There seems to be no such thing as too early to start a consultation in Hampshire, although it seems health chiefs have rather jumped the gun in announcing a 12-week consultation.

The debate will be over plans that would downgrade the A&E services currently at Royal Hampshire County Hospital in Winchester – and develop a brand new hospital either in Basingstoke or near junction 7 of the M3. This would be a new centre covering specialist and emergency care, such as strokes, heart attacks, trauma as well as children’s emergency care.

So emergency patients in Winchester would have to travel 20 miles to Basingstoke – or 13 miles to Southampton, which is likely to face the biggest impact.

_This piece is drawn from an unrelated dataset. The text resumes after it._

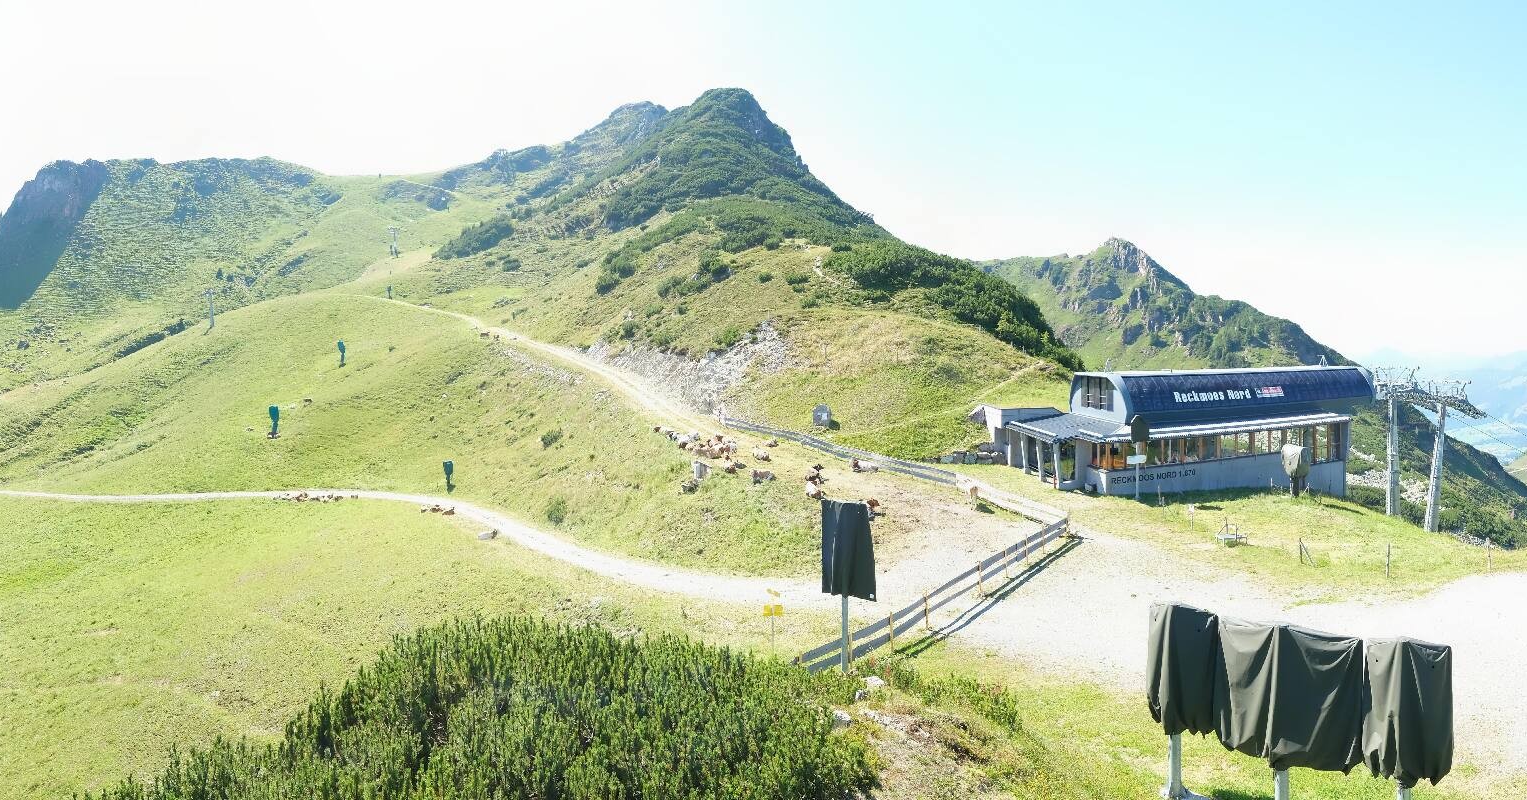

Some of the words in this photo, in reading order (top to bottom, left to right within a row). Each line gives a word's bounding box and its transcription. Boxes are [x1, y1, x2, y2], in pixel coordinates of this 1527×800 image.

[1174, 391, 1225, 402] Reckmoos
[1226, 388, 1251, 400] Nord
[1156, 471, 1176, 480] NORD

The plan has already triggered a 12,000-signature online petition opposing the loss of services in Winchester, and similar concerns publicly raised by local MP Steve Brine. Now the controversial options are to be put out to a 12-week consultation on December 11.

But it’s not clear why there should be such a rush to make a decision: despite the upbeat claims from Hampshire Hospitals boss Alex Whitfield that “we will receive between £700 and £900 million to invest in a new hospital and improvements at Winchester,” the actual cash is very far from being shelled out.

Former Health Secretary Steve Barclay [remember him?] announced back in May that Hampshire was one of eight major hospital schemes to be shelved until after 2030, as a way of pruning more than £10 billion from the New Hospitals Programme’s estimated (but unfunded) £32 billion cost.